El mismo autor advierte que, “embarcado en la lógica de la acción, uno evita interrogarse sobre principios y fundamentos (...) cautivado por los fines, se olvidan los medios”. Es por esto último que durante toda la lectura del libro, he ido confrontando los hechos que describe Masetti con lo sucedido en Paraguay. Con lo que pasó antes y lo que nos pasa ahora. Y creo que hoy, la “lucha armada” se ha concretado finalmente. Sólo cambiaron los métodos y las armas. Se la hizo a destiempo y sin el hechizo de hacerlo “contra los malos”, como lo fueron aquellas otras. Ahora le cambiamos el nombre: le llamamos “democracia” (así, en minúsculas). Pues tal como la usamos y concebimos, “nuestra democracia” no persigue otro fin que eliminar todo obstáculo hacia nuestros objetivos. Los partidos políticos son como el equivalente de las “fuerzas irregulares”. Sometida la “fuerza regular” (militares, policía, Poder Judicial) a los criterios partidarios, los irregulares se hacen dueños del terreno y actúan con total impunidad. Y cuando alguno de ellos pretenden algo mas de lo posible, algo más de lo previamente acordado o negociado, la confrontación ya se parece un poco más a la guerra de guerrillas convencional. Porque ahí se olvidan los códigos de la lucha democrática y prima el “partisanismo”. En el que el otro no es sino un enemigo que debe ser eliminado. No es un circunstancial interlocutor con partidos, ideas o proyectos diferentes, y si no puede ser eliminado, debe ser desprestigiado, anulado, discapacitado para la acción. Con los medios que fueran.

En aquellos procesos como en nuestras actuales “confrontaciones democráticas” prima la “lógica de la eficacia”. Esta posterga todo análisis sobre el bien o sobre el mal, como escribe Masetti. O sobre el destino de los pueblos. Sobre sus necesidades reales. También está el hecho de la tan ansiada “trascendencia”. La que hace encontrar a los jóvenes más seducción en desafiar los límites, participar en un reality televisivo o activar en política antes que ser buen médico, ingeniero o abogado. Allí también puede verse una similitud entre ambos procesos. La guerrilla era el poder. Era estar cerca del poder, decidir por los demás, matar o morir. Protagonizar la historia, como en la “política” hoy.

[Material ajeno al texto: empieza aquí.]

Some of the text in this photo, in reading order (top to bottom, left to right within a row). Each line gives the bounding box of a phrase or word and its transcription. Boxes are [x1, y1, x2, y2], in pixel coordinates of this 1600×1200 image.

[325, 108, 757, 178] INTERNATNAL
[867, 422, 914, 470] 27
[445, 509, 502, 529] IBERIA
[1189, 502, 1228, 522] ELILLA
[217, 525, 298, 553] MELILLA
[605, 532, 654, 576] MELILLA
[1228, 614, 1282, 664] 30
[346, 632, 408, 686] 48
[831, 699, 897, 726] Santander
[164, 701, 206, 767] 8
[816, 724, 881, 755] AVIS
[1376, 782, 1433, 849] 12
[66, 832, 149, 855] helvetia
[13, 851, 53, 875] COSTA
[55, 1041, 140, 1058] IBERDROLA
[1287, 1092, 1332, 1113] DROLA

En las horas que duró la lectura de este libro perturbador, no dejé de pensar que en algún momento de la historia coincidieron en una persona el coraje y la visión de estadista, junto a la disponibilidad de recursos y la oportunidad. Componente este último de grandes acontecimientos históricos.

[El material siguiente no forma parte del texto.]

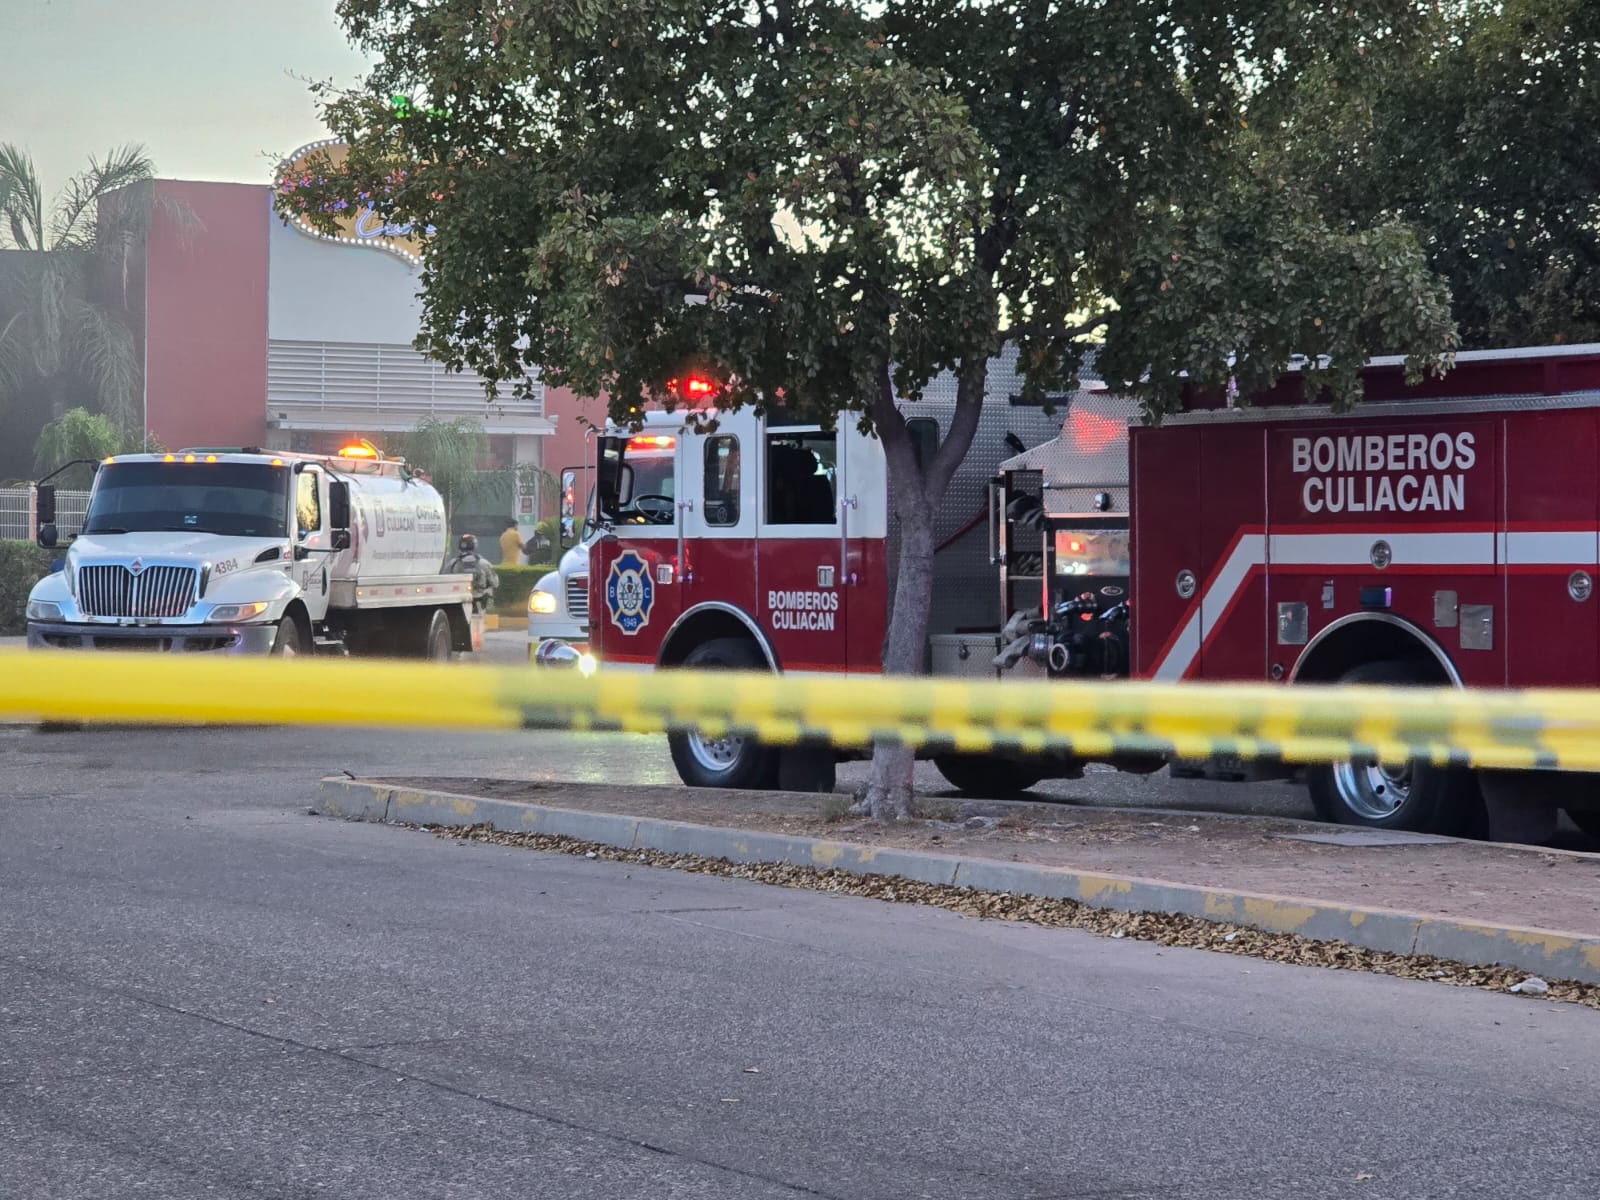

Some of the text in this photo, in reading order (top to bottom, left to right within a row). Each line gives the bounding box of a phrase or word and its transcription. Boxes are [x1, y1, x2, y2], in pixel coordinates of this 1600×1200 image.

[1292, 431, 1476, 473] BOMBEROS
[1303, 474, 1465, 513] CULIACAN
[215, 558, 238, 575] 4384
[644, 587, 650, 599] C
[768, 590, 839, 611] BOMBEROS
[772, 610, 834, 631] CULIACAN

Pero, lamentablemente, no siempre ha sido así. Alguien pudo haber tenido la oportunidad y hasta el coraje; pero después le faltarían la necesaria idoneidad, la complementación de conocimientos, la experiencia, la madurez y la dignidad requeridas para liderar los grandes desafíos que suponen afirmar la decencia y la eficacia luego de los sombríos años vividos.

Siempre pensamos que si derrocábamos a un Batista, a un Stroessner, Pinochet o cualquier de estos crueles entorchados remedos de la raza humana, no queríamos ver repetida la experiencia. Que si se iban, o los echábamos, los que vinieran tenían que afirmar otros valores.

Distintos, mejores. Pero lamentablemente, está demostrado que los que vienen después de los dictadores -o los que están cuando ellos se van- se creen ajenos a los defectos, infalibles e inevitablemente apegados a los vicios que decían combatir.

Bienvenidos los valientes o predestinados que nos liberaron de los dictadores. Pero cuando ellos se fueron, no hagamos las cosas de modo que reneguemos de nuestro coraje e ideales de antaño. Y que lamentemos lo vivido, en “...aquellos años felices ... cuando éramos tan desdichados”.